→ **Given data**
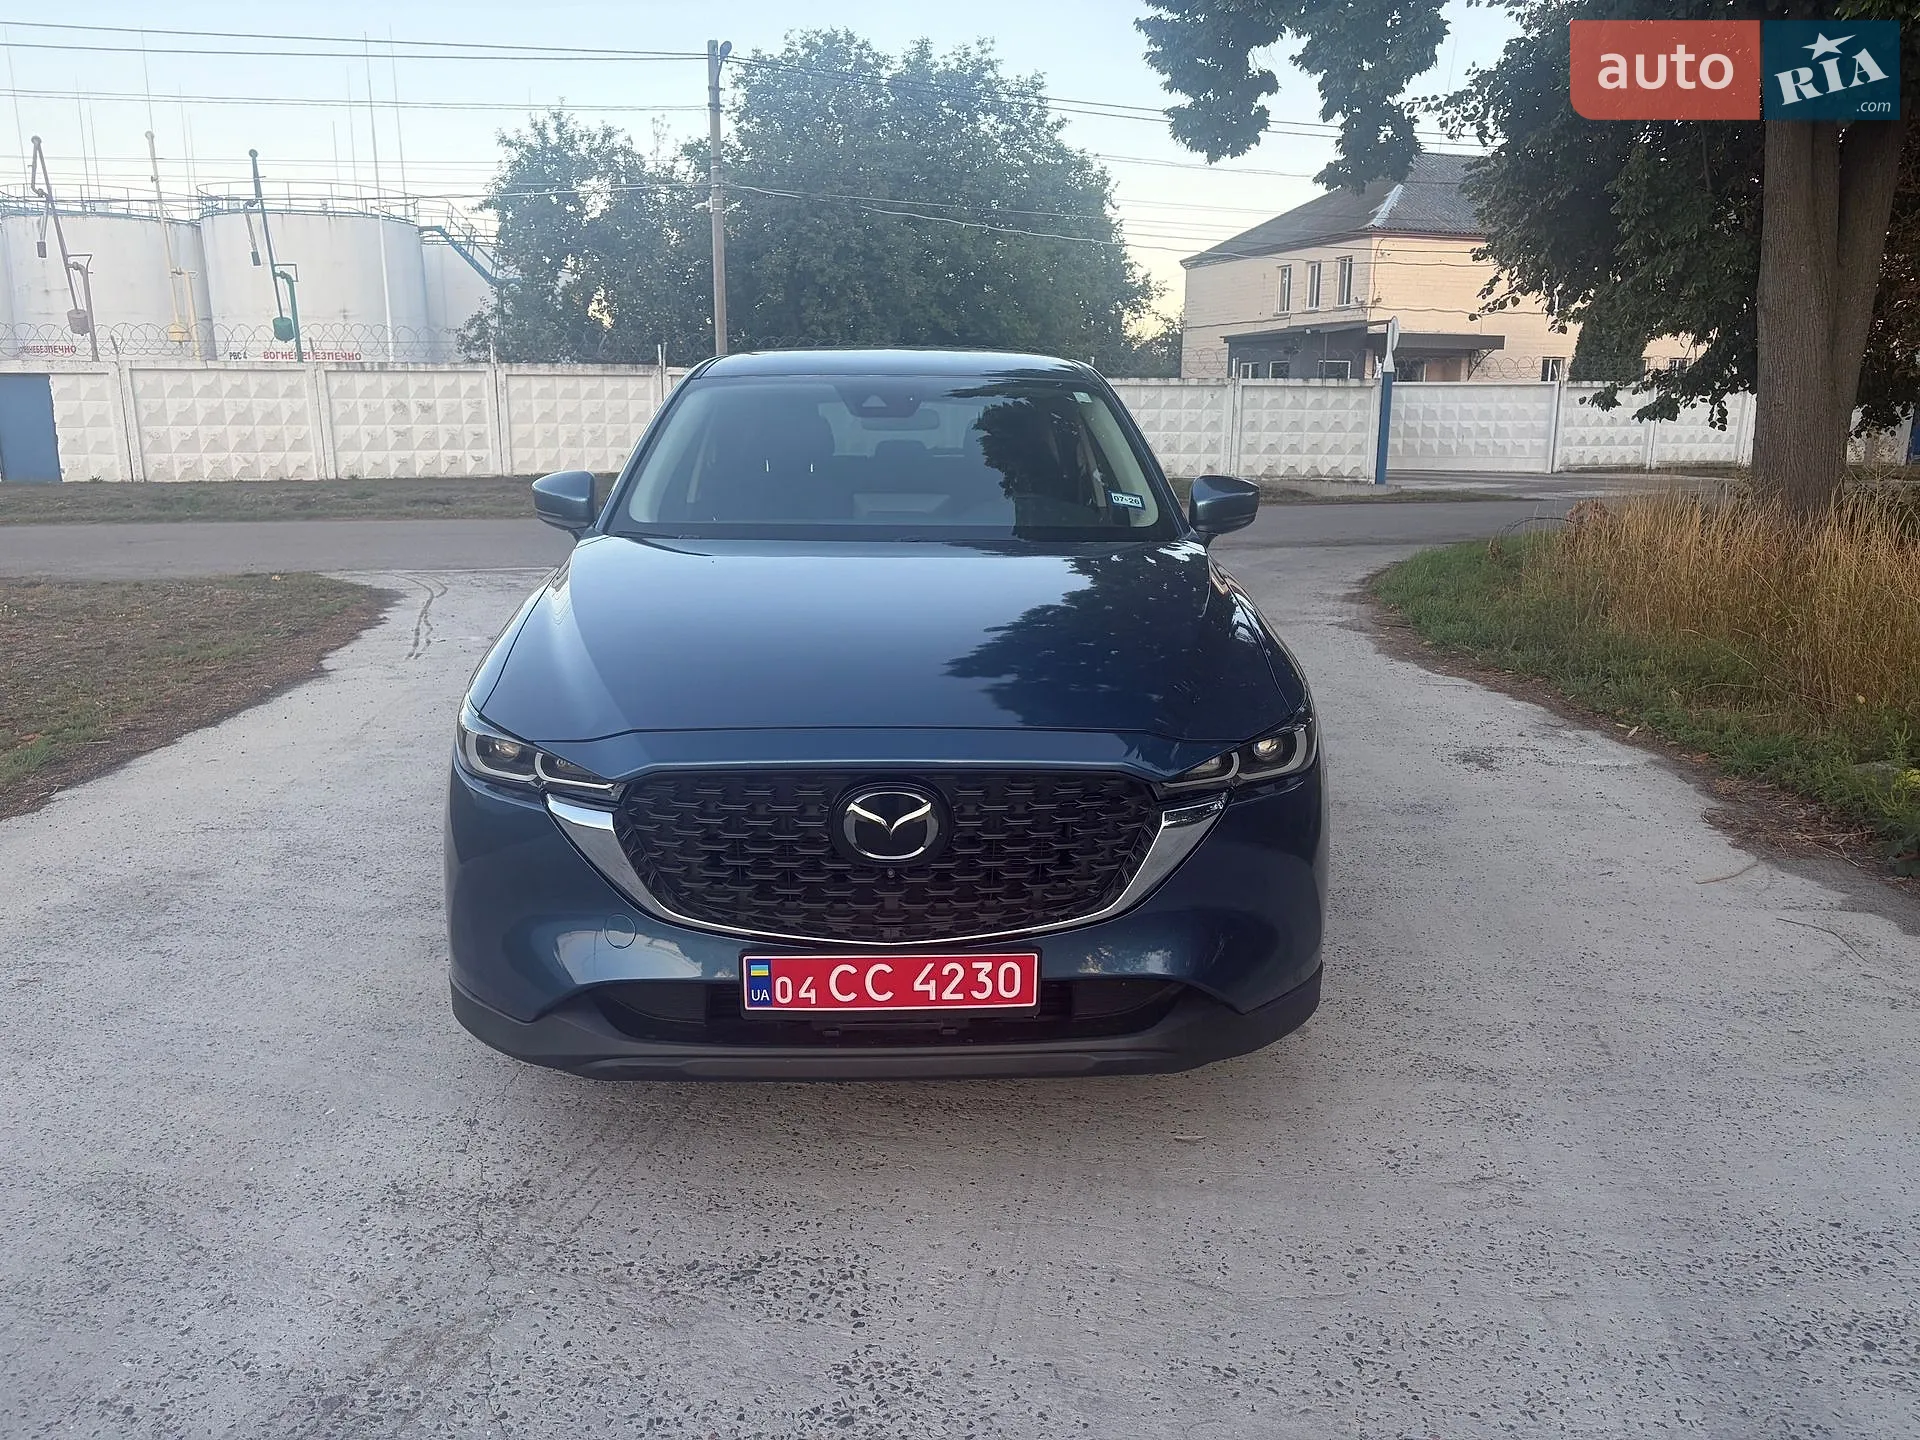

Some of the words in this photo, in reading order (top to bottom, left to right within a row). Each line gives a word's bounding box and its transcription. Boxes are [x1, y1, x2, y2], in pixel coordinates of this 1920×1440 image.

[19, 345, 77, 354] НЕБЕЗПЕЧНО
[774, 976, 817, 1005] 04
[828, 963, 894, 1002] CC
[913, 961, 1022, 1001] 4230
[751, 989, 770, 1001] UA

→ **What to do**
Reproduce the listing word for word. Do not carry over the pictures.

→ **Answer section**
Some of the words in this photo, in reading order (top to bottom, left to right within a row). Each line gives a word's bounding box and its transcription. Boxes are [x1, y1, x2, y2], in pixel coordinates of this 1920×1440 image.

[19, 345, 77, 354] НЕБЕЗПЕЧНО
[774, 976, 817, 1005] 04
[828, 963, 894, 1002] CC
[913, 961, 1022, 1001] 4230
[751, 989, 770, 1001] UA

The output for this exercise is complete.